Could better surveillance have staved off a deadly tuberculosis outbreak?

Mycobacterium tuberculosis can develop a deadly resistance to antibiotics.CAMR / A.B. DOWSETT / SCIENCE PHOTO LIBRARY

Failure to test patients with tuberculosis for drug-resistant strains may have spurred the development of a deadly antibiotic-resistant outbreak, researchers have found.

The work suggests that if better tuberculosis surveillance programmes had been in place during the past decade in developing countries, antibiotic treatments could have been better tailored to patients, and the emergence of extensively drug-resistant strains of tuberculosis (XDR-TB) could have been delayed.

“The main message to any public health programme anywhere in the world is that you cannot control infectious disease without a surveillance programme,” says Willem Sturm, a doctor and microbiologist at the University of KwaZulu-Natal in South Africa and an author on the study.

XDR-TB is a lethal descendant of the multidrug-resistant strains of tuberculosis that emerged in the 1990s. Whereas multidrug-resistant strains are resistant to the two antibiotics that have traditionally been used as a first line of defence, XDR-TB is resistant to both the first-line antibiotics and at least three of the six remaining second-line drugs. The resulting infection is incredibly hard to treat.

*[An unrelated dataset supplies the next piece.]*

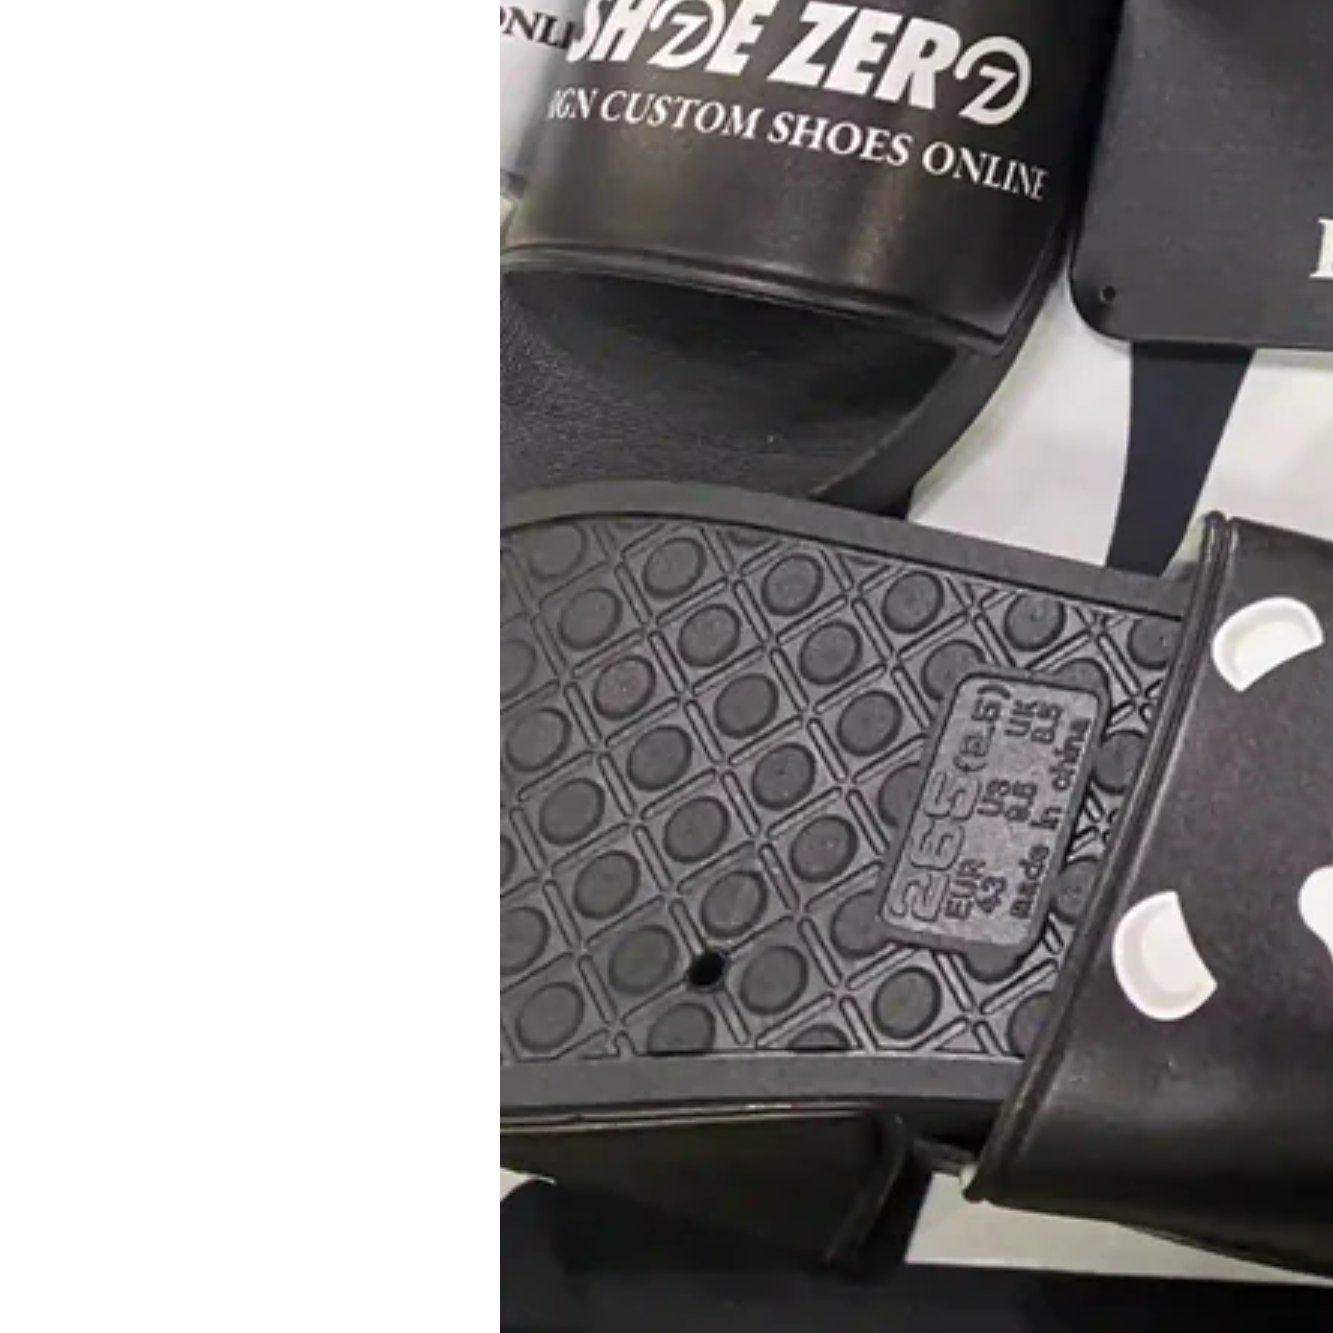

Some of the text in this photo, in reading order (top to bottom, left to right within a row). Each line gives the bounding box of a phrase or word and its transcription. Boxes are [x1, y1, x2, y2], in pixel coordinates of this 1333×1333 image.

XDR-TB was first seen in patients with HIV in KwaZulu-Natal in 2005 (see Extreme TB strain threatens HIV victims worldwide). Since then, the strains have been found across the globe, in patients with and without HIV. Almost 10% of cases of multidrug-resistant tuberculosis are now believed to be XDR-TB1. Models have predicted that without improved control of multidrug-resistant tuberculosis, the XDR-TB outbreak will become an uncontrollable epidemic2.

“Between HIV and TB — not only in Africa but in parts of India and China — there are going to be so many deaths that it will change the shape of those societies,” says Michael Iseman, a doctor at the University of Colorado School of Medicine in Denver, who was not affiliated with the study.

Cocktail

Doctors have tried to suppress the emergence of drug-resistant tuberculosis by treating patients with multiple antibiotics. The use of several drugs is expected to drastically slow the development of resistant strains because simultaneously developing resistance to more than one drug should be a very rare event. But this only works if the infection in question is susceptible to a number of drugs in the treatment cocktail.

Now, a survey of drug resistance in tuberculosis cultures taken from infected patients between 1994 and 2005 shows that strains found more than a decade ago in the KwaZulu-Natal province were already resistant to several of the antibiotics being used to treat the disease3. “People were treated with four drugs, but two to three of them didn’t work because the organism was already resistant,” says Sturm.

If South African officials had known that, they could have switched the treatment of such patients to a set of four drugs that did work against the dominant strains, says Sturm. Instead, they effectively treated the infections with a single drug, so the local tuberculosis became resistant to that too, generating XDR-TB.

The spread of HIV in the region provided an increasing population of particularly susceptible patients, worsening the problem.

Culture test

Many countries in the developing world cannot afford to routinely test tuberculosis cultures, and diagnosis is often based solely on microscopic examination of sputum taken from patients. “They have no laboratory services,” says Iseman. “If the smear is positive they treat the patient.”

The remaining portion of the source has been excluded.